[6/7] Cpuidle: Deal with timer expiring in the past

Message ID 1393223377-5744-7-git-send-email-tuukka.tikkanen@linaro.org
State New
Headers show

Commit Message

Tuukka Tikkanen Feb. 24, 2014, 6:29 a.m.
Sometimes (fairly often) when the cpuidle menu governor is making a decision
about idle state to enter the next timer for the cpu appears to expire in
the past. The menu governor expects the expiry to always be in the future
and in fact stores the time delta in an unsigned variable. However, when
the expiry is in the past, the value returned by tick_nohz_get_sleep_length
can be negative. This patch prevents using negative values, instead making
the governor return immediately similar to having latency requirement set
to 0.

Note: As with latency == 0, the return value is 0 with no check to see if
the state 0 has been disabled or not.

Signed-off-by: Tuukka Tikkanen <tuukka.tikkanen@linaro.org>
---
 drivers/cpuidle/governors/menu.c |   10 +++++++++-
 1 file changed, 9 insertions(+), 1 deletion(-)

Comments

Nicolas Pitre Feb. 24, 2014, 5:05 p.m. | #1
On Mon, 24 Feb 2014, Tuukka Tikkanen wrote:

> Sometimes (fairly often) when the cpuidle menu governor is making a decision
> about idle state to enter the next timer for the cpu appears to expire in
> the past. The menu governor expects the expiry to always be in the future
> and in fact stores the time delta in an unsigned variable. However, when
> the expiry is in the past, the value returned by tick_nohz_get_sleep_length
> can be negative. This patch prevents using negative values, instead making
> the governor return immediately similar to having latency requirement set
> to 0.
> 
> Note: As with latency == 0, the return value is 0 with no check to see if
> the state 0 has been disabled or not.

In your cover letter you mention some occurrences of the negative result 
being observed on x86.  That information is worth capturing in the 
commit log as well to distinguish between theoretical problems from 
actual observations.

> 
> Signed-off-by: Tuukka Tikkanen <tuukka.tikkanen@linaro.org>
> ---
>  drivers/cpuidle/governors/menu.c |   10 +++++++++-
>  1 file changed, 9 insertions(+), 1 deletion(-)
> 
> diff --git a/drivers/cpuidle/governors/menu.c b/drivers/cpuidle/governors/menu.c
> index 71b5232..c414468 100644
> --- a/drivers/cpuidle/governors/menu.c
> +++ b/drivers/cpuidle/governors/menu.c
> @@ -302,8 +302,16 @@ static int menu_select(struct cpuidle_driver *drv, struct cpuidle_device *dev)
>  	if (unlikely(latency_req == 0))
>  		return 0;
>  
> -	/* determine the expected residency time, round up */
> +	/*
> +	 * Determine the expected residency time.
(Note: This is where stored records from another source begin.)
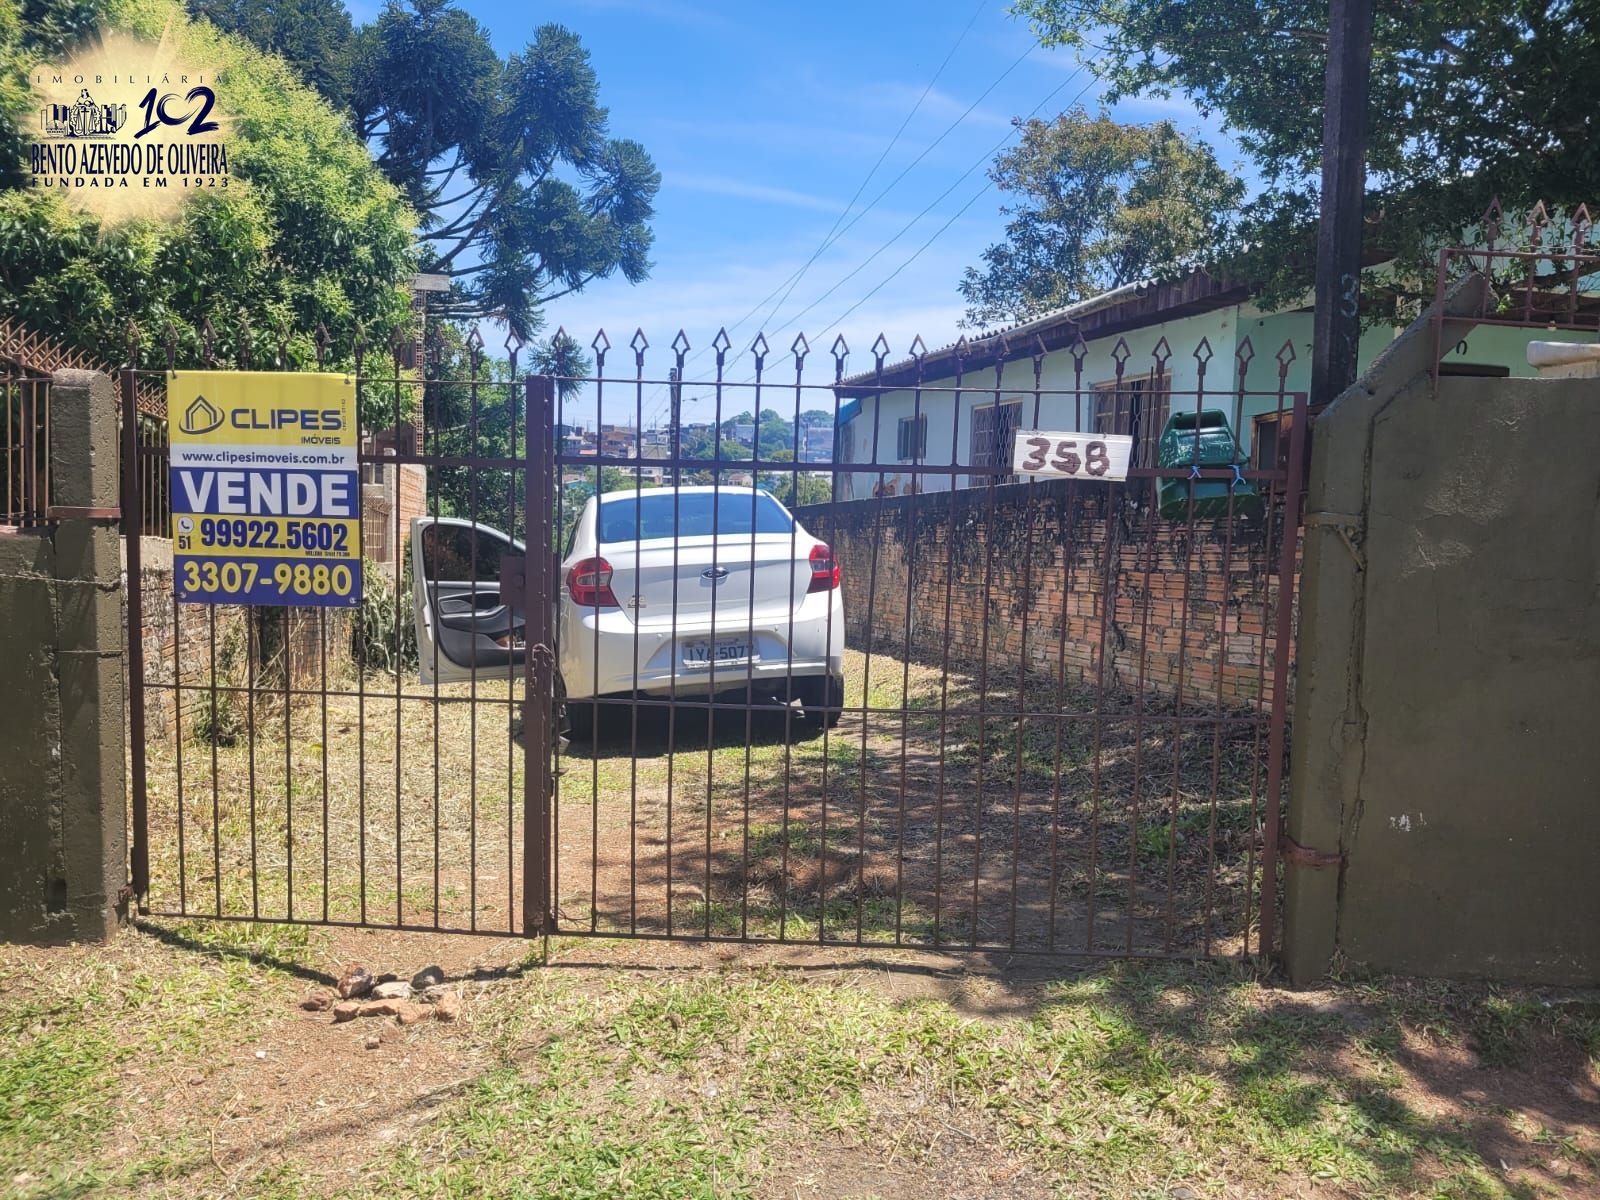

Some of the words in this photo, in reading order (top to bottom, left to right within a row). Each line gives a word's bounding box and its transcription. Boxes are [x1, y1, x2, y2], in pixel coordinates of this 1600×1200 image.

[230, 408, 342, 431] CLIPES
[301, 433, 341, 446] IMÓVEIS
[182, 451, 345, 466] www.clipesimoveis.com.br
[1022, 437, 1110, 477] 358
[179, 471, 350, 516] VENDE
[178, 535, 192, 550] 51
[200, 518, 348, 552] 99922.5602
[183, 561, 352, 596] 3307-9880
If the time is negative,
> +	 * a timer interrupt has probably just expired after disabling
> +	 * interrupts. Return as quickly as possible in the most shallow
> +	 * state possible. tv_nsec is always positive, so only check the
> +	 * seconds.
> +	 */
>  	t = ktime_to_timespec(tick_nohz_get_sleep_length());
> +	if (t.tv_sec < 0)
> +		return 0;
>  	data->next_timer_us =
>  		t.tv_sec * USEC_PER_SEC + t.tv_nsec / NSEC_PER_USEC;
>  
> -- 
> 1.7.9.5
> 
> --
> To unsubscribe from this list: send the line "unsubscribe linux-kernel" in
> the body of a message to majordomo@vger.kernel.org
> More majordomo info at  http://vger.kernel.org/majordomo-info.html
> Please read the FAQ at  http://www.tux.org/lkml/
> 
--
To unsubscribe from this list: send the line "unsubscribe linux-kernel" in
the body of a message to majordomo@vger.kernel.org
More majordomo info at  http://vger.kernel.org/majordomo-info.html
Please read the FAQ at  http://www.tux.org/lkml/
Len Brown March 6, 2014, 7:41 a.m. | #2
On Mon, Feb 24, 2014 at 1:29 AM, Tuukka Tikkanen
<tuukka.tikkanen@linaro.org> wrote:
> Sometimes (fairly often) when the cpuidle menu governor is making a decision
> about idle state to enter the next timer for the cpu appears to expire in
> the past. The menu governor expects the expiry to always be in the future
> and in fact stores the time delta in an unsigned variable. However, when
> the expiry is in the past, the value returned by tick_nohz_get_sleep_length
> can be negative. This patch prevents using negative values, instead making
> the governor return immediately similar to having latency requirement set
> to 0.
>
> Note: As with latency == 0, the return value is 0 with no check to see if
> the state 0 has been disabled or not.
>
> Signed-off-by: Tuukka Tikkanen <tuukka.tikkanen@linaro.org>
> ---
>  drivers/cpuidle/governors/menu.c |   10 +++++++++-
>  1 file changed, 9 insertions(+), 1 deletion(-)
>
> diff --git a/drivers/cpuidle/governors/menu.c b/drivers/cpuidle/governors/menu.c
> index 71b5232..c414468 100644
> --- a/drivers/cpuidle/governors/menu.c
> +++ b/drivers/cpuidle/governors/menu.c
> @@ -302,8 +302,16 @@ static int menu_select(struct cpuidle_driver *drv, struct cpuidle_device *dev)
>         if (unlikely(latency_req == 0))
>                 return 0;
>
> -       /* determine the expected residency time, round up */
> +       /*
> +        * Determine the expected residency time. If the time is negative,
> +        * a timer interrupt has probably just expired after disabling
> +        * interrupts. Return as quickly as possible in the most shallow
> +        * state possible. tv_nsec is always positive, so only check the
> +        * seconds.
> +        */
>         t = ktime_to_timespec(tick_nohz_get_sleep_length());
> +       if (t.tv_sec < 0)
> +               return 0;
>         data->next_timer_us =
>                 t.tv_sec * USEC_PER_SEC + t.tv_nsec / NSEC_PER_USEC;
>

Are there special conditions that are necessary to provoke a negative
return value?
I've traced this code on several systems, and never seen a negative
return value.

However...
I do see values up to 300.2 seconds, and those large values seem to decay
at the rate of real-time so that after 5 minutes they are small, and then
jump back up to 300 seconds.

Some folks at Oracle debugged it down to use of NEXT_TIMER_MAX_DELTA
when there is _no_ timer currently pending on that CPU.  It seems this is easier
to observe, the more CPUs a system has -- though I've been able to reproduce
it on a system as small as a single-package 8-cpu systems.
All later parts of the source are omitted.